There has been an extreme shift in his latest works. He has intentionally rejected proficiency and smoothness, and slowed down his brush, turning the complex into the simple. He attempts to escape formation and refinement, and has turned instead to the operations of the language of painting. The texture of the new paintings begins to emerge through layers of accumulation, the surface colors applied to the base. The traces of alteration are arranged in an orderly fashion into the structure of the painting, with the content from the base occasionally being revealed. This brings abstract leanings to a landscape scene. The viewer can still barely make out willow branches, boulders, pure color fields and geometric shapes, but they are not arranged through the logic of the landscape’s modeling. Instead, as Freud said, “for these people, meaning does not matter.
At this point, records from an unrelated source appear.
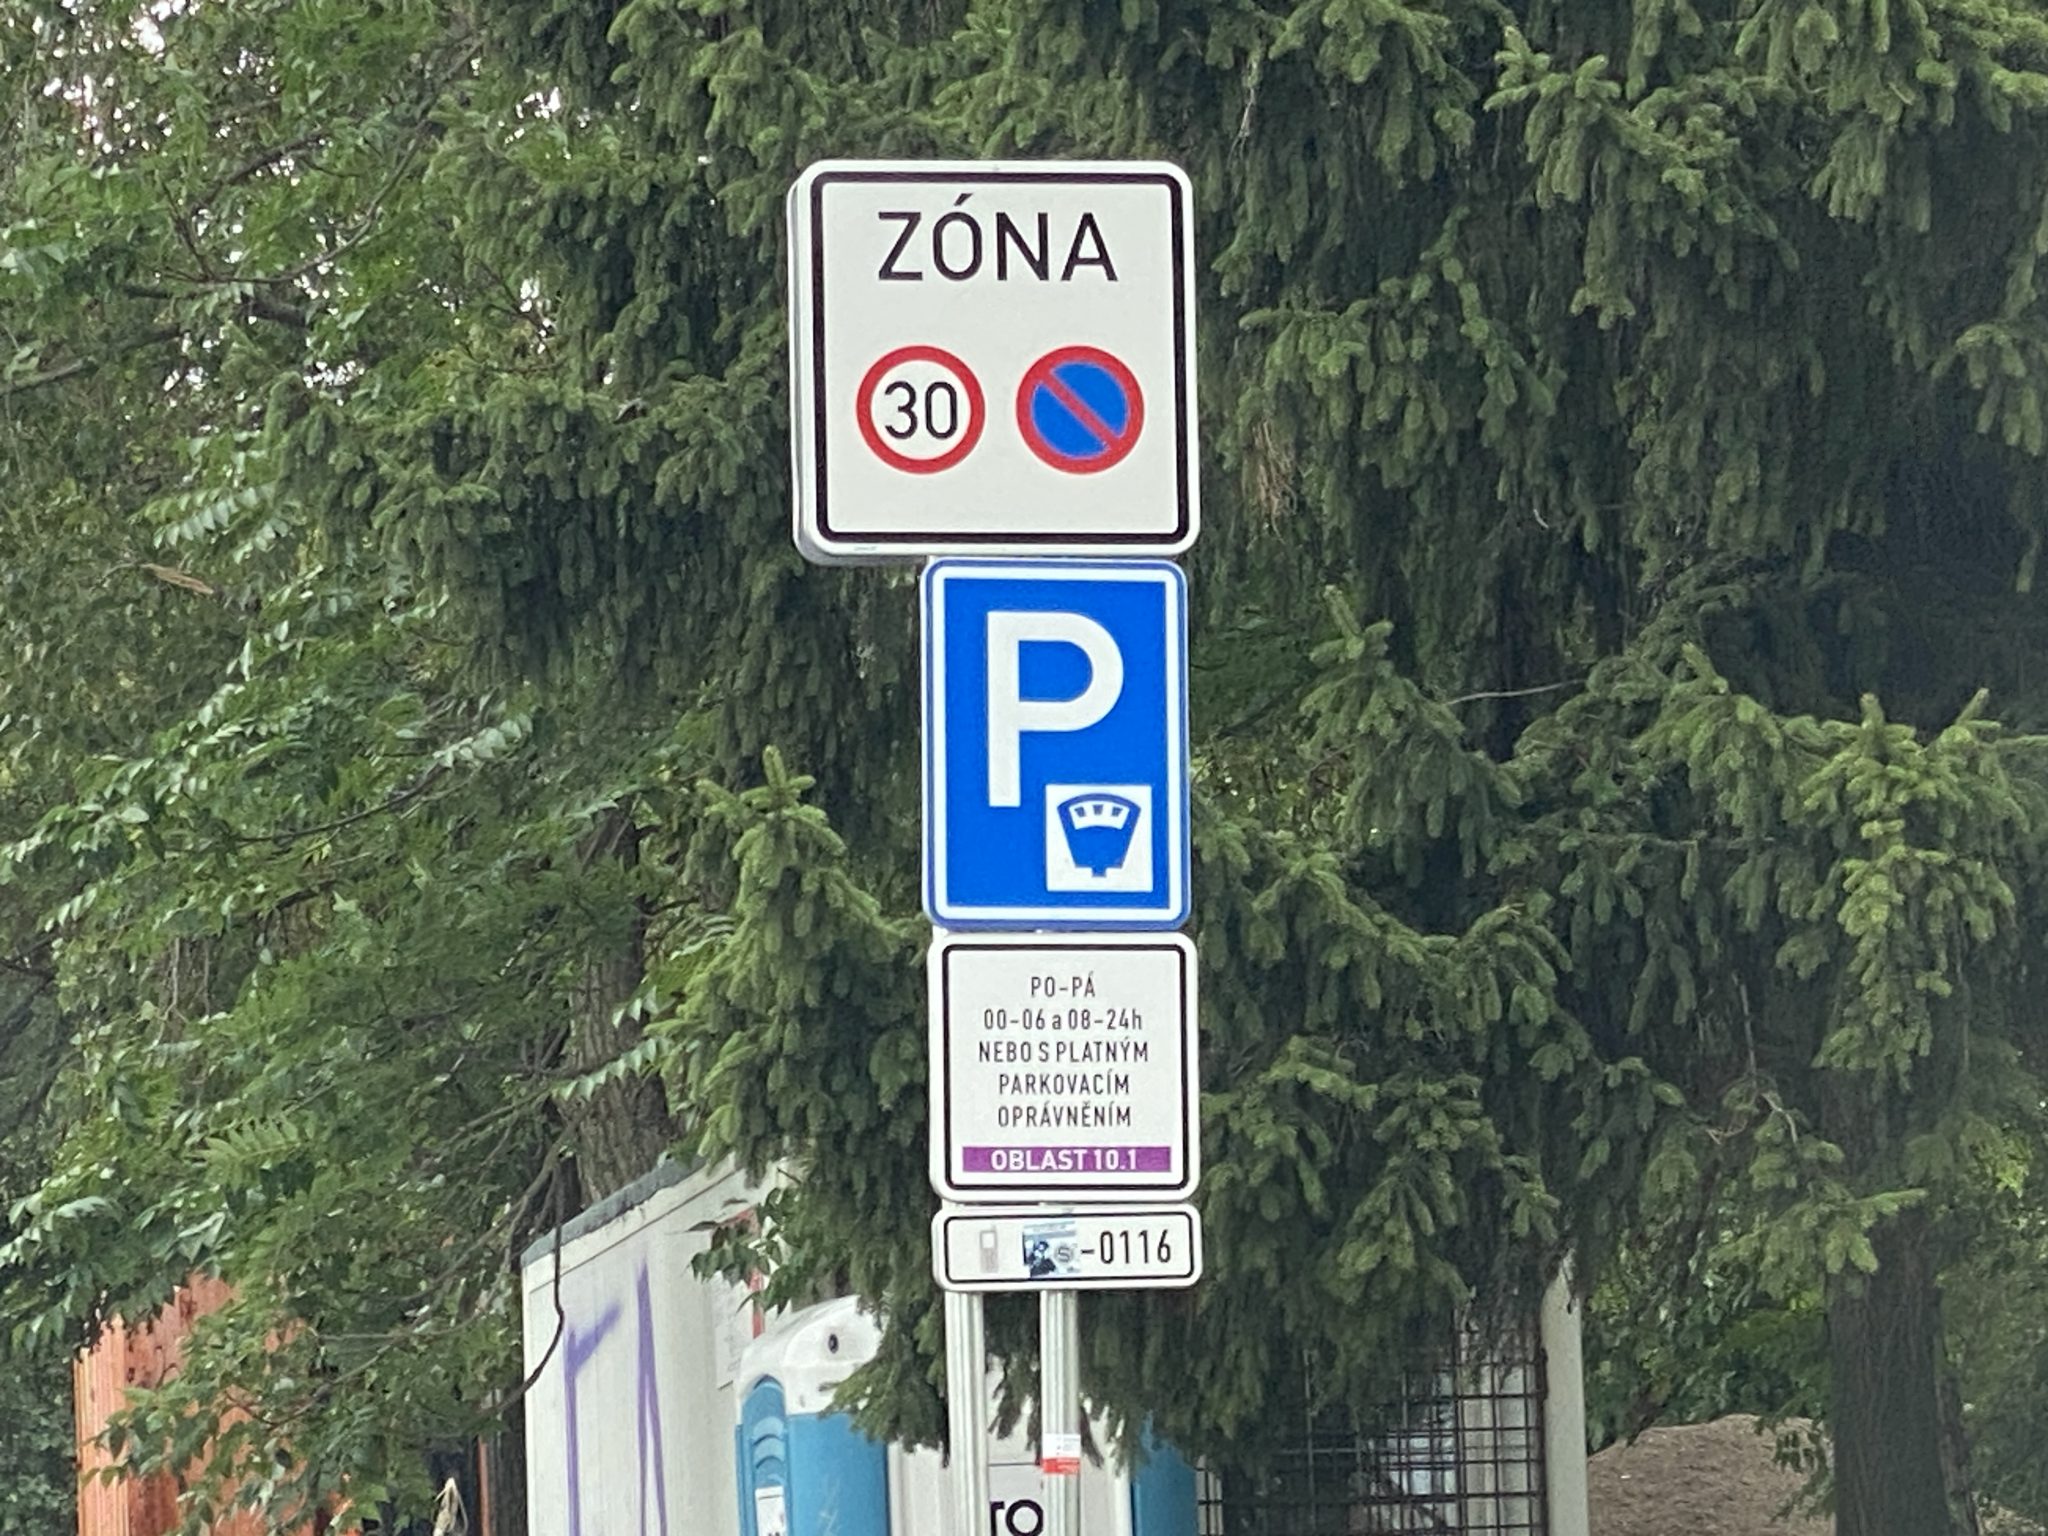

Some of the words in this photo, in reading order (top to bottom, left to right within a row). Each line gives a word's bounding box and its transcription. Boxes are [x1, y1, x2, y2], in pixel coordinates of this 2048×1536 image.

[878, 193, 1118, 281] ZÓNA
[884, 381, 958, 440] 30
[987, 611, 1124, 807] P
[1031, 971, 1096, 998] PO-PÁ
[984, 1008, 1046, 1030] 00-06
[1052, 1014, 1062, 1030] a
[1068, 1008, 1142, 1030] 08-24h
[979, 1041, 1032, 1063] NEBO
[1038, 1041, 1050, 1063] S
[1056, 1036, 1148, 1063] PLATNÝM
[999, 1068, 1130, 1095] PARKOVACÍM
[998, 1100, 1132, 1127] OPRÁVNĚNÍM
[990, 1149, 1088, 1171] OBLAST
[1093, 1148, 1137, 1171] 10.1
They are only interested in the harmony between lines, shapes and borders.”The richly abstract landscapes in Bu Di’s recent works are not derived directly from nature. His paintings are not generated through the imitation of objects in real life, but go from text to text, drawing from material appearance to realize combination and fusion in the language of painting.

 

The fusion of painting languages from different cultural contexts is no simple task. His choice of sources is not simply based on his strengths; it also touches on the painter’s unique understanding of modernity in painting language. Here we see the vestiges of the modernist painting tradition that influenced Bu Di in his childhood. Or perhaps we could say he is drawing from this nourishment to mold and temper his painting language. Many years practicing the appraisal of ancient art has meant that Bu Di has long studied Chinese classical painting traditions. Bu Di is steeped in the internal momentum and interests that drive painting, and truly integrated his hands and his eyes ( as an expert on the appraisal of art), and has gained insight into the different routes and similar ends of Eastern and Western painting.